BEGIN

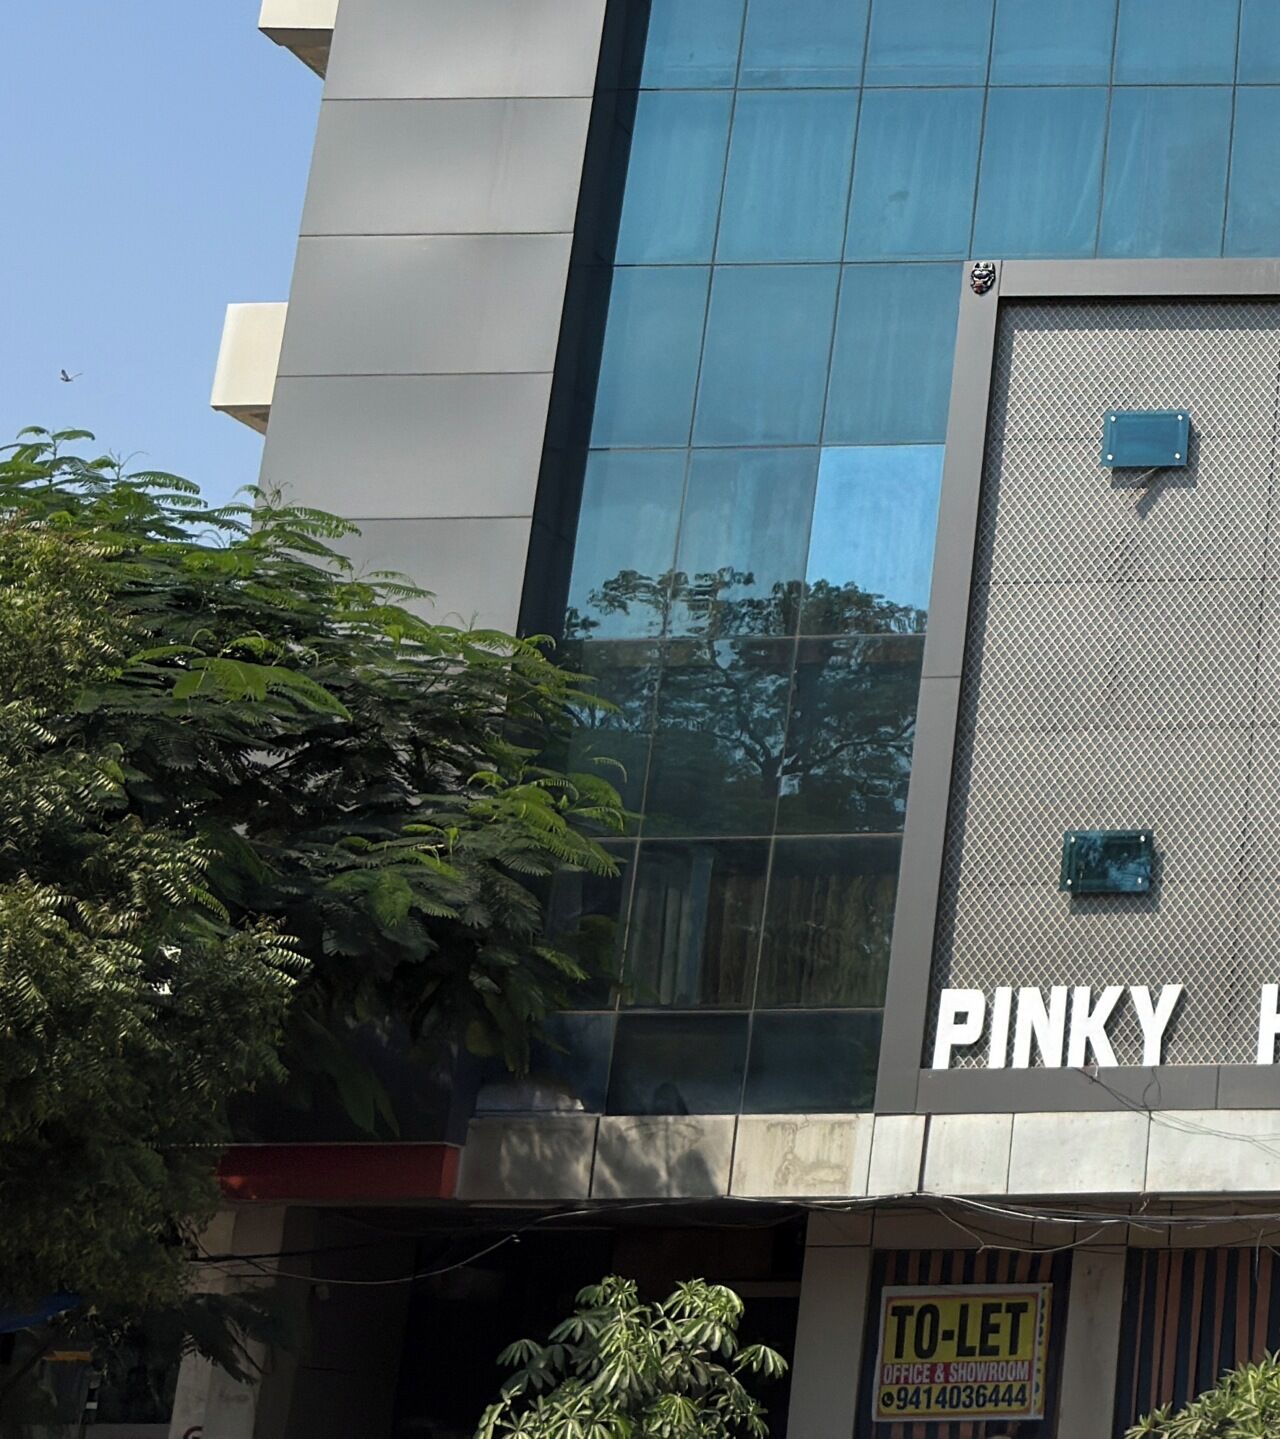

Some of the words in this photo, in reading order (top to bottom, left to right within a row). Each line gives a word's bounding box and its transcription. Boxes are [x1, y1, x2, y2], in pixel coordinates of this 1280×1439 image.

[931, 983, 1184, 1070] PINKY
[891, 1302, 1029, 1359] TO-LET
[883, 1363, 931, 1385] OFFICE
[934, 1363, 945, 1384] &
[949, 1361, 1029, 1383] SHOWROOM
[896, 1384, 1028, 1410] 9414036444

END

Please copy the entries in full. Leave each image out.

• **Solution to the exercise**
Some of the words in this photo, in reading order (top to bottom, left to right within a row). Each line gives a word's bounding box and its transcription. Boxes are [x1, y1, x2, y2], in pixel coordinates of this 1280×1439 image.

[931, 983, 1184, 1070] PINKY
[891, 1302, 1029, 1359] TO-LET
[883, 1363, 931, 1385] OFFICE
[934, 1363, 945, 1384] &
[949, 1361, 1029, 1383] SHOWROOM
[896, 1384, 1028, 1410] 9414036444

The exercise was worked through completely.